I really wish you didn't play the "don't paraphrase me" card, then lead off with this paragraph. I don't even understand your point here, I was illustrating that Chicago's first line had extended success up until the Finals, which it did, with Byfuglien playing a large role in that.

Quote:
I'm not sure why you're putting such an emphasis on being able to physically handle Byfuglien? That sounds like something you'd say for a legitimate power forward, not some net-front dummy. "The Penguins needed Ulf Samuelsson to take on Cam Neely because he's the only blueliner that could handle him physically" that works. But having Byfuglien in front of the net on the #1 PP merely matched up with the Flyers #1 PK that contained Pronger. It's not like anyone was panicked if Byfuglien got out there without Pronger being out there...he can't really do much, especially at forward, to dictate the tempo of the game. Even Pronger said after his only meaningful game (mostly stat-wise) of the serires, "I guess he was well rested" or something like that because everyone knew that he just wasn't as advertised...
You'd think somebody besides Chris Pronger would have success at shutting down someone that limited, then? Because this happened in four of his six penalty minutes.

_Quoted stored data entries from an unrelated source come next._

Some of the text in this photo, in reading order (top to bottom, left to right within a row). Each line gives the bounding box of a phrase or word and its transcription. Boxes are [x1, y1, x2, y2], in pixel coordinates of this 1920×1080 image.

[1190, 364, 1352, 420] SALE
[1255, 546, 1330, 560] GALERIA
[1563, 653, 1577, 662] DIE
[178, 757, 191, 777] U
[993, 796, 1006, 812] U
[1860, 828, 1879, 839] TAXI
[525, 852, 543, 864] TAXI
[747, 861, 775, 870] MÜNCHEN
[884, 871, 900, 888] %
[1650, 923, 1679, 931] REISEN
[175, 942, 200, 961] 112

Byfuglien managed to find soft spots in coverage consistently against anybody not named Chris Pronger for three series. His offensive output was instrumental in two of Chicago's series wins. You said his "lack of hockey sense" was "exposed throughout the playoffs," but really he had one series outside of his normal position, one phenomenal series by your own admission, one series where he succeeded against "slower players" and one series where his entire line was neutralized by one of the best defensemen of his generation. So as a scoring winger his lack of hockey sense only was an issue in one series, where he was frequently matched up against a HHOF defenseman. Keep in mind, his center's performance, a player with much better mobility + hockey sense, against that same matchup is the entire reason we're even having this thread.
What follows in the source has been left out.